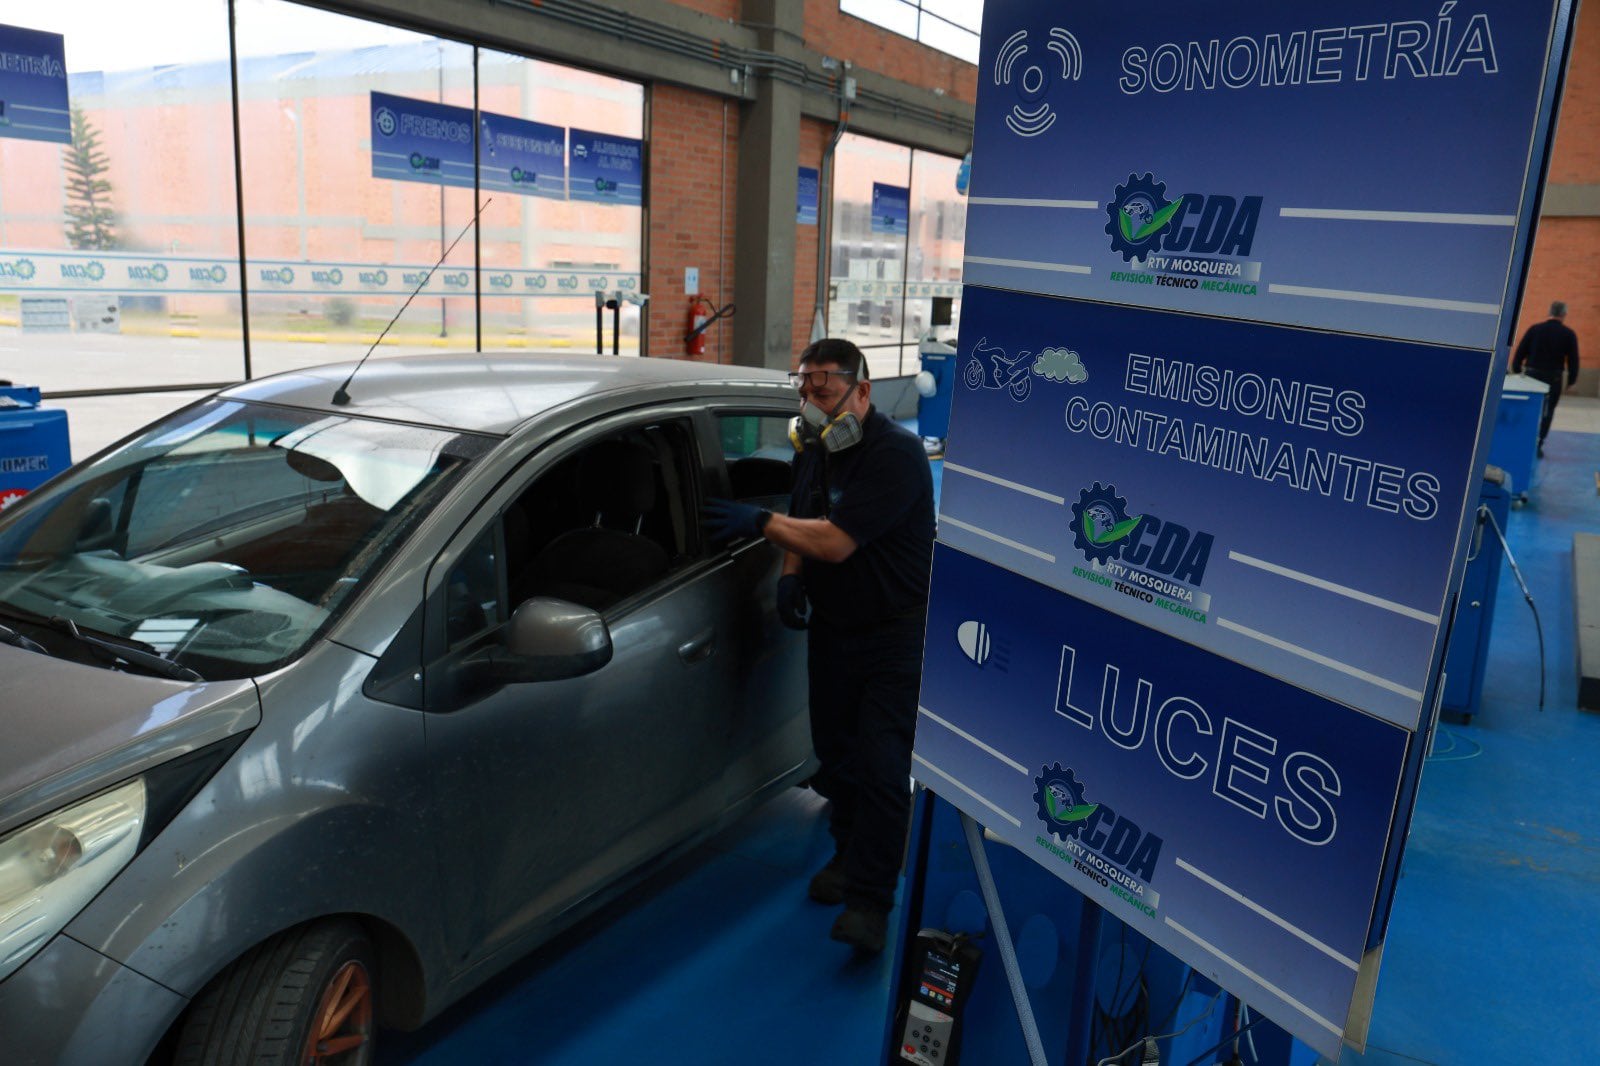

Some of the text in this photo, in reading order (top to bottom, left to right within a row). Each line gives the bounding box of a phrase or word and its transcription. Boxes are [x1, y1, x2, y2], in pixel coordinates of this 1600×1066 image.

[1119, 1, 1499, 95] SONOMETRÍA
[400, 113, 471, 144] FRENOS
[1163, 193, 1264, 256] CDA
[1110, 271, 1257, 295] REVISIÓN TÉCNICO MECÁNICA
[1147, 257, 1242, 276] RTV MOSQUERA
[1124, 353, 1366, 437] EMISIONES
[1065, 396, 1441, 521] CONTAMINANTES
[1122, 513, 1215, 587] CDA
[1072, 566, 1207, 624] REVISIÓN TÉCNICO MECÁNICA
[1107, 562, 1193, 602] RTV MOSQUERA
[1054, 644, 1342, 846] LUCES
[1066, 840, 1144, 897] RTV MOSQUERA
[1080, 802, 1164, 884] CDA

•••••

#### [Work request]
Write out all the data exactly, minus pictures.

#### [Solution for this exercise]
Some of the text in this photo, in reading order (top to bottom, left to right within a row). Each line gives the bounding box of a phrase or word and its transcription. Boxes are [x1, y1, x2, y2], in pixel coordinates of this 1600×1066 image.

[1119, 1, 1499, 95] SONOMETRÍA
[400, 113, 471, 144] FRENOS
[1163, 193, 1264, 256] CDA
[1110, 271, 1257, 295] REVISIÓN TÉCNICO MECÁNICA
[1147, 257, 1242, 276] RTV MOSQUERA
[1124, 353, 1366, 437] EMISIONES
[1065, 396, 1441, 521] CONTAMINANTES
[1122, 513, 1215, 587] CDA
[1072, 566, 1207, 624] REVISIÓN TÉCNICO MECÁNICA
[1107, 562, 1193, 602] RTV MOSQUERA
[1054, 644, 1342, 846] LUCES
[1066, 840, 1144, 897] RTV MOSQUERA
[1080, 802, 1164, 884] CDA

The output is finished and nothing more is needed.